Ms. Olson, during an interview in Washington, D.C., where Corporal Rosendahl is being treated at the Walter Reed Army Medical Center, quietly cataloged her son's wounds:
"Both of his heels and ankles were crushed. He had a compound fracture of his femur in two places. Three-quarters of his kneecap was missing. His thigh was blown away. He had many, many open wounds, which all have closed except four right now."
She paused, sighed, then went on: "His left leg was amputated three weeks after he arrived here. He's not willing to give up his right leg. He's hoping to save it. All he wants to do is golf again. But we don't know. He's had 36 surgeries so far."
When you talk to close relatives of men and women who have been wounded in the war, it's impossible not to notice the strain that is always evident in their faces. Their immediate concern is with the wounded soldier or marine. But just behind that immediate concern, in most cases, is the frightening awareness that they have to try and rebuild a way of life that was also blown apart when their loved one was wounded.
Ms. Olson, who is 45 and divorced, gave up everything - her work, her rented townhouse, her car - and moved from Tacoma to a hotel on the grounds of Walter Reed to be with her son and assist in his recovery.
"He was still in a coma when I got here," she said. "He didn't have his eyes open, and he was hooked up to all the machines. When he did open his eyes a couple of days later, he didn't respond. His eyes didn't follow me. That was a scary moment. But the following day his eyes started following me."
Corporal Rosendahl has improved a great deal since those days and recently has been allowed to go with his mother on brief excursions away from the hospital. "It's difficult for him," Ms. Olson said. "But in those first weeks here he couldn't move a finger. So this gives me so much hope."
Ms. Olson is a paralegal who did work for several lawyers in Tacoma. She also worked as a claims analyst for the city's transit system. With that work gone, she is now living on the $48 per diem she receives from the Army for food and lodging, along with money that she has reluctantly been drawing from her son's Army pay, and assistance she is receiving from another son, Keith, who is 27.
She has also received help from charitable organizations that assist military families.

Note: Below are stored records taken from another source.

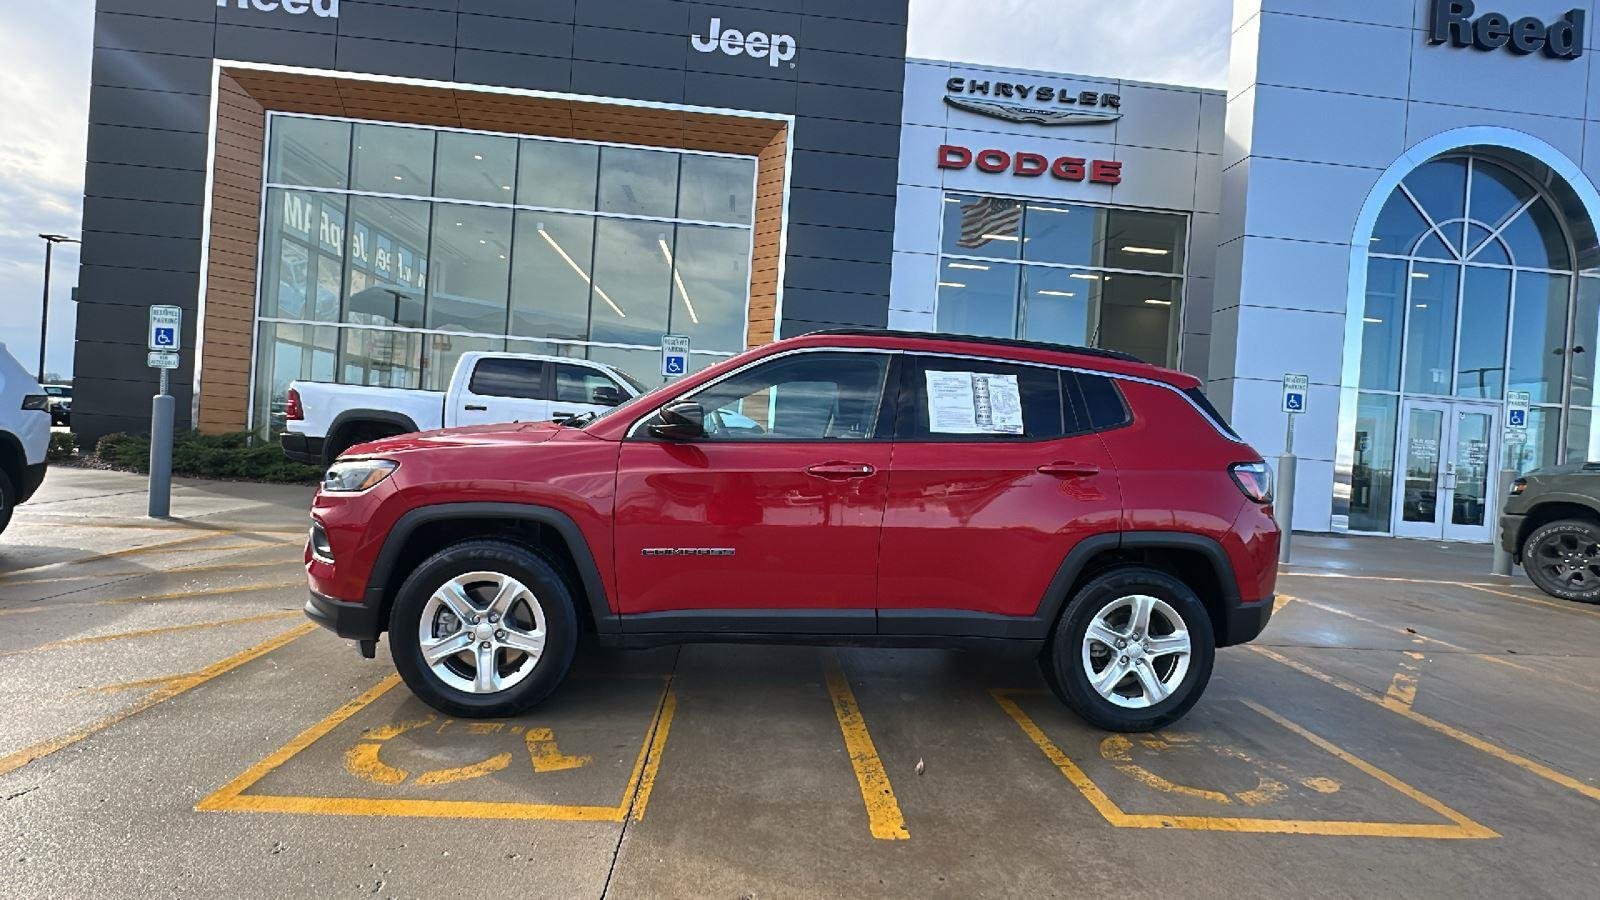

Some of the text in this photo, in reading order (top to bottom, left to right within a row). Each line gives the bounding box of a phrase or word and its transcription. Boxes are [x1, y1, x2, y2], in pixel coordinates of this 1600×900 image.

[216, 0, 339, 18] eed
[691, 17, 797, 67] Jeep
[1427, 0, 1586, 60] Reed
[946, 77, 1121, 107] CHRYSLER
[938, 144, 1122, 185] DODGE
[641, 547, 736, 556] COMPASS
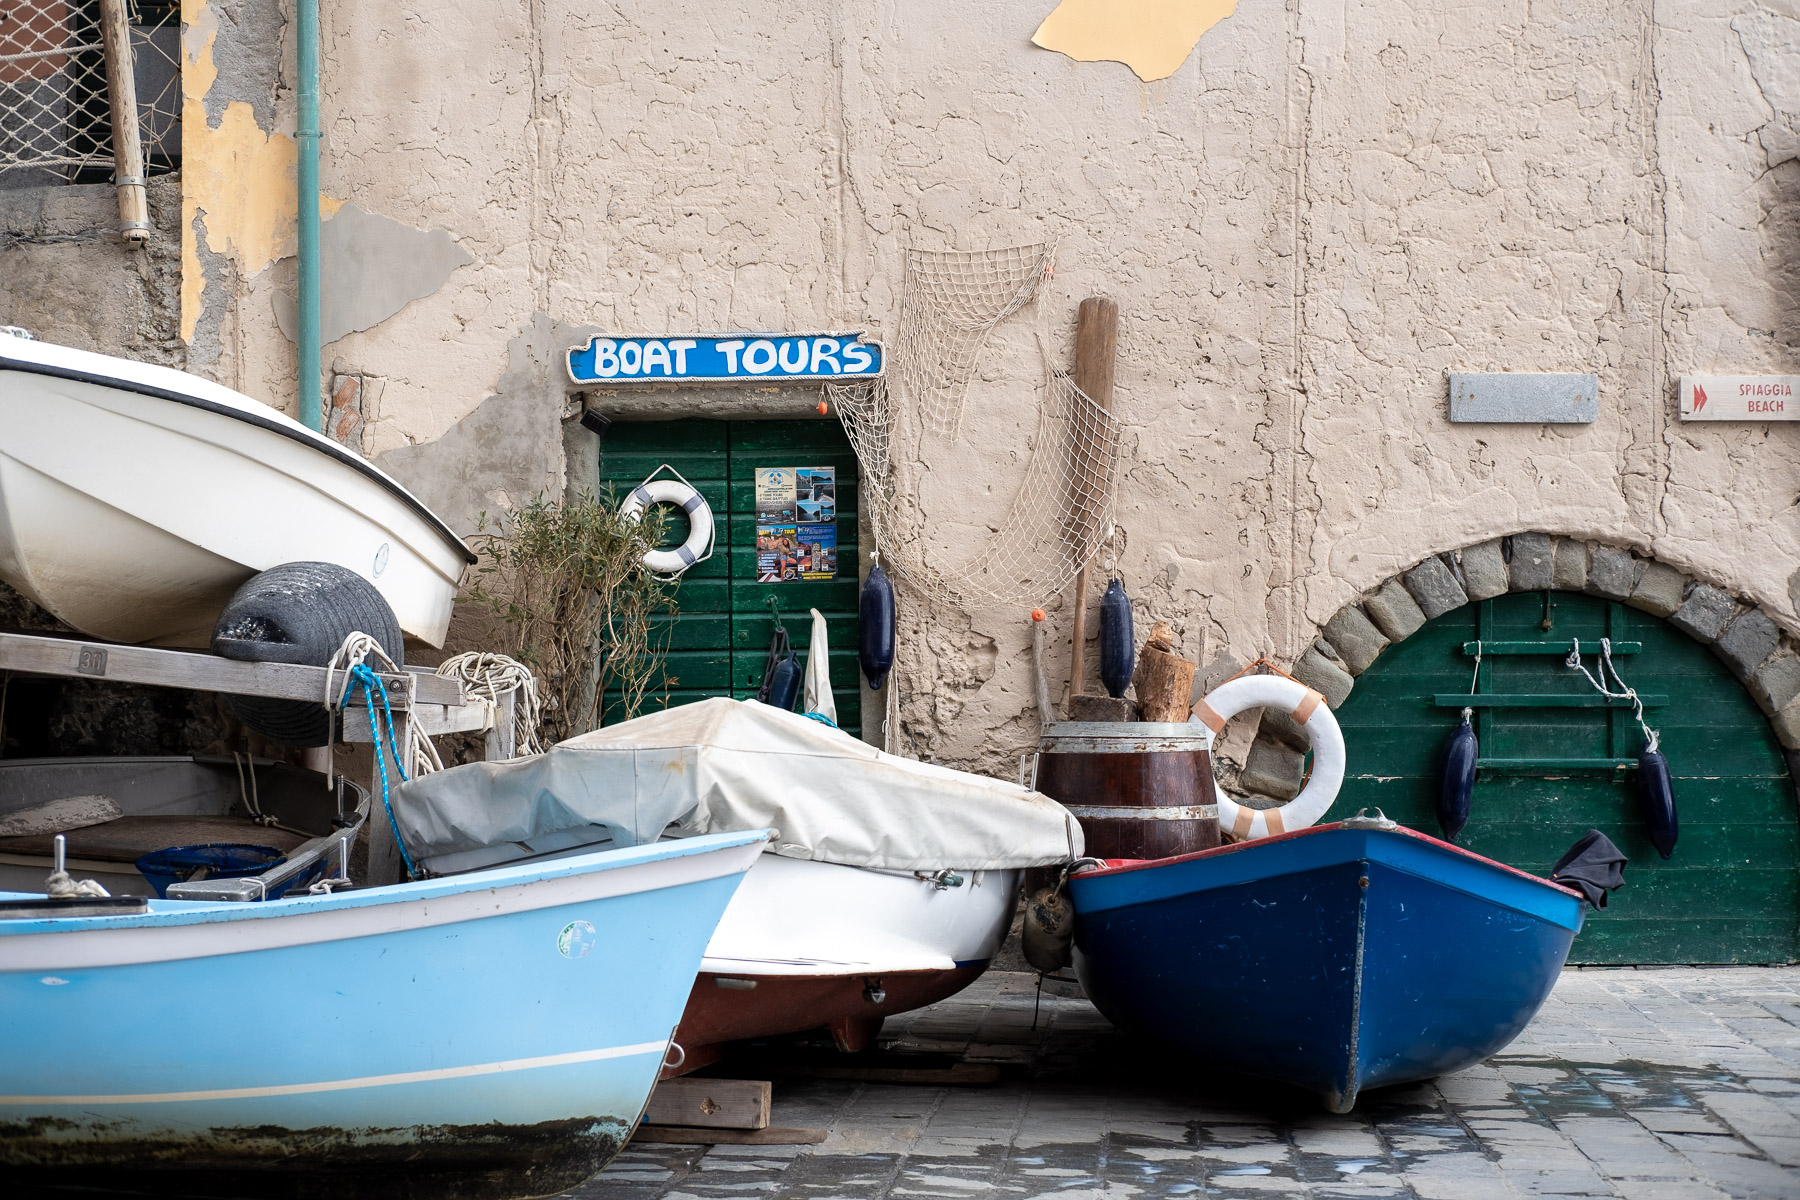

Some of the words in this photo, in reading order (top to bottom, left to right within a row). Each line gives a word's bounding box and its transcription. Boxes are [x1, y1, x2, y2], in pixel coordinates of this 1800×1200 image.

[594, 338, 697, 378] BOAT
[715, 338, 873, 375] TOURS
[1739, 384, 1792, 396] SPIAGGIA
[1748, 400, 1784, 412] BEACH

"My son is the most important thing," she said, "and I knew that if I was going to be with him, I wouldn't be able to meet my financial obligations."

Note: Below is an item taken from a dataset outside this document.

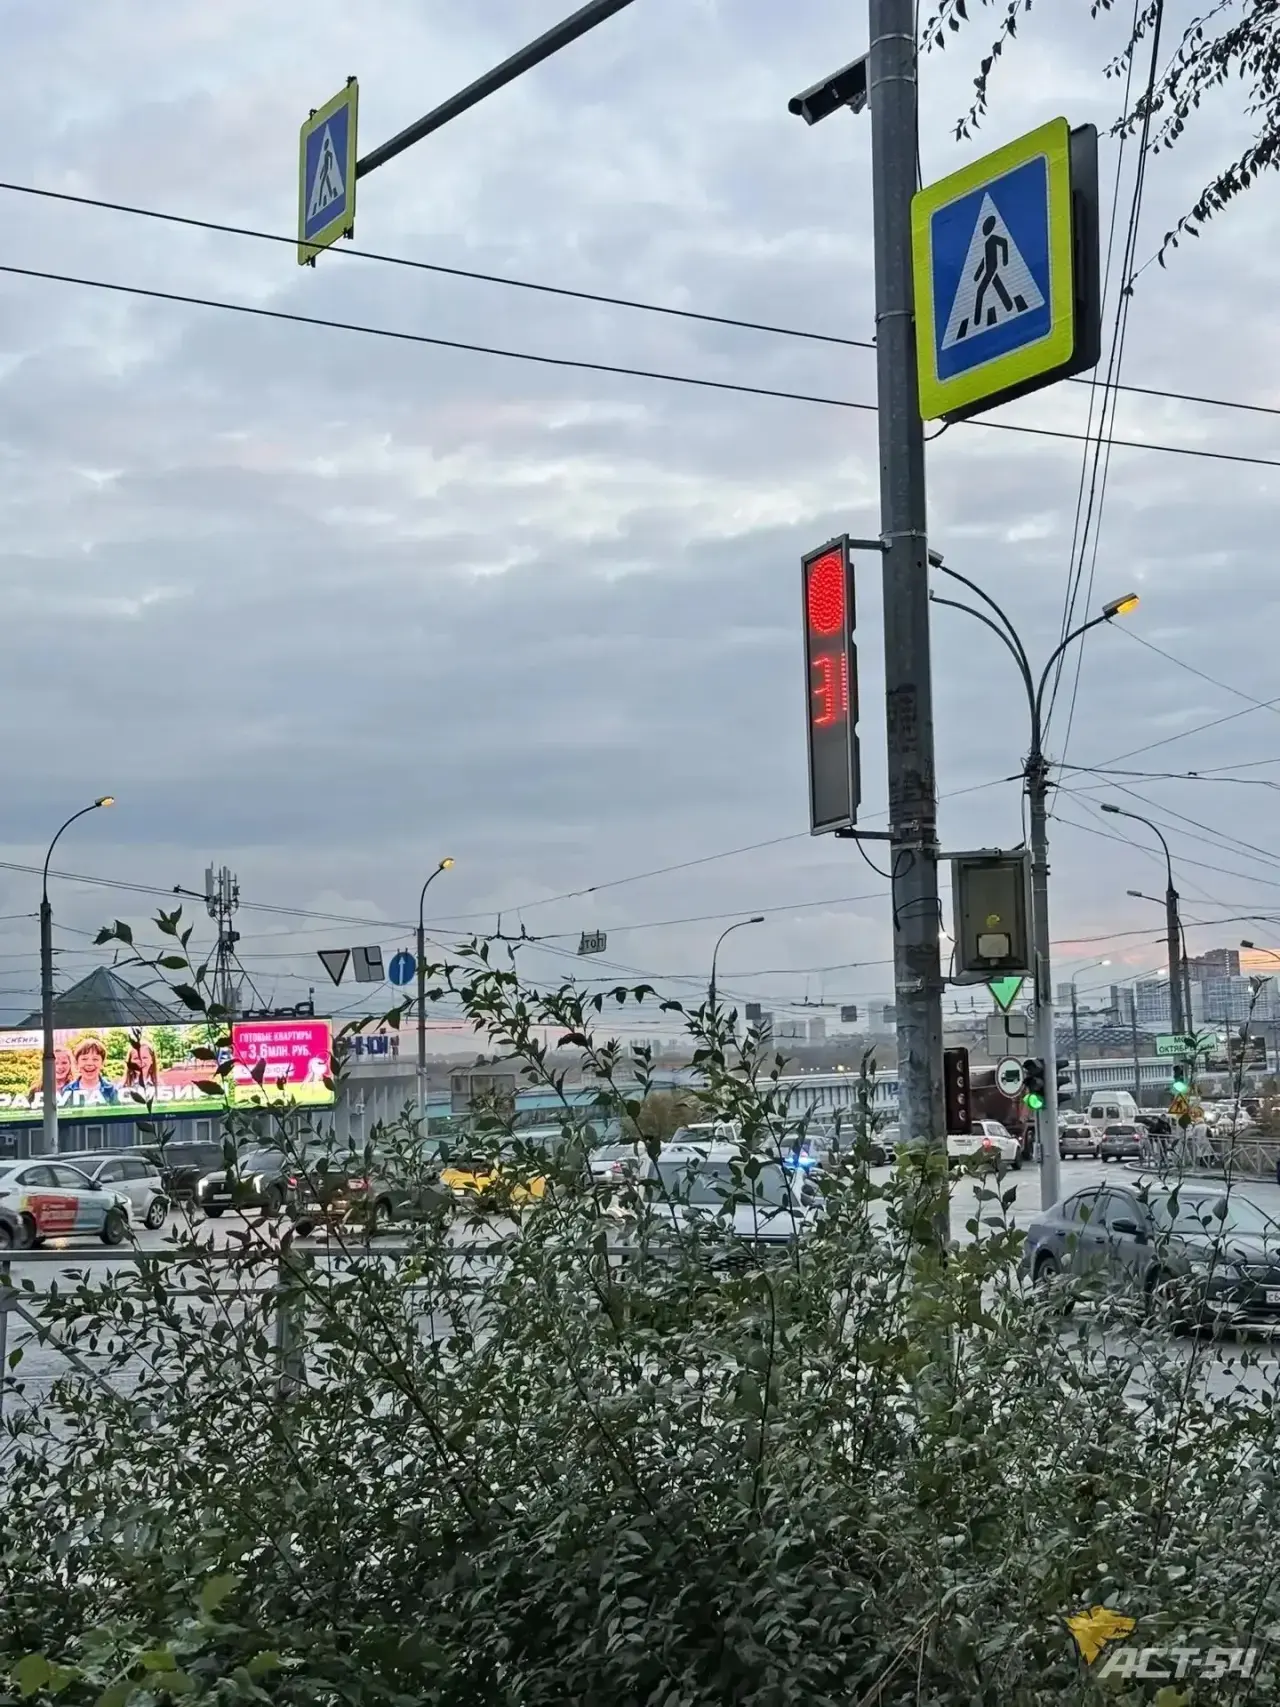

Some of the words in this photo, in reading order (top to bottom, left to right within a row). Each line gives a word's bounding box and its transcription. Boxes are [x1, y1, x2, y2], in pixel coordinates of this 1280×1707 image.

[240, 1032, 272, 1042] ГОТОВЫЕ
[274, 1031, 312, 1040] КВАРТИРЫ
[292, 1044, 311, 1056] РУБ.

So she gave up the townhouse and "turned in" a Honda Accord that she had purchased just a year earlier. "Voluntary repossession," she said.

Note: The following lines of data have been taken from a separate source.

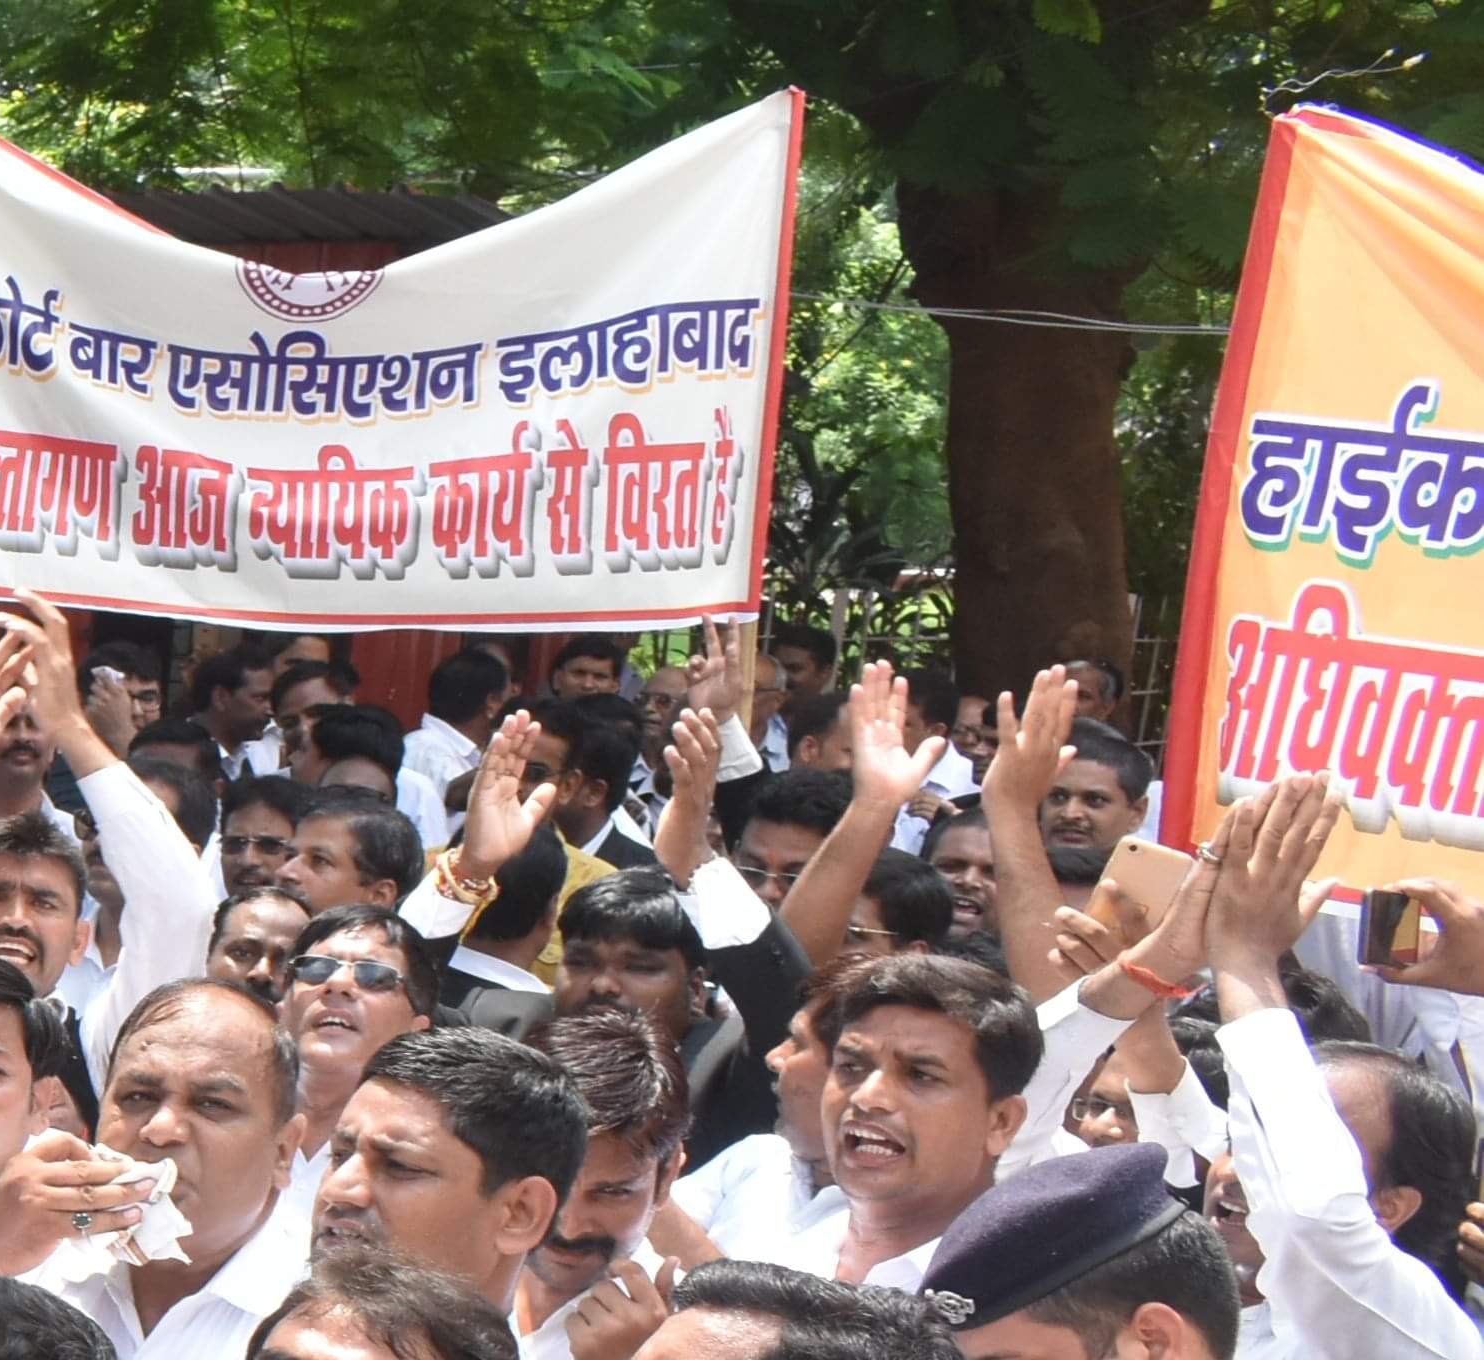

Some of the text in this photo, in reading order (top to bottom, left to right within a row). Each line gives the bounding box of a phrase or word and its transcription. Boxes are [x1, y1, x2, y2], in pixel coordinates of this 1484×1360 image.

[68, 322, 159, 394] बार
[167, 330, 484, 418] एसोसिएशन
[495, 298, 761, 402] इलाहाबाद
[131, 444, 235, 557] आज
[246, 443, 416, 564] न्यायिक
[428, 419, 535, 562] कार्य
[546, 418, 590, 560] से
[602, 411, 708, 557] विरत

There is nothing unusual about Ms. Olson's situation. Families forced to absorb the blow of a loved one getting wounded frequently watch other pillars of their lives topple like dominoes. What is unusual with regard to this war is the absence of a sense of shared sacrifice. While families like Ms. Olson's are losing almost everything, most of us are making no sacrifice at all.
Ms. Olson said she is neither angry nor bitter about her son's plight or the misfortune that has hit her family. "I feel blessed that Bobby's still alive," she said. "To dwell on why it happened, or why it happened to him - well, I can't waste my time on that. I have to look forward."
She said she plans to find work in D.C., and "hopefully, get a place close to the hospital," where she'll stay until her son "is ready to go on with his life."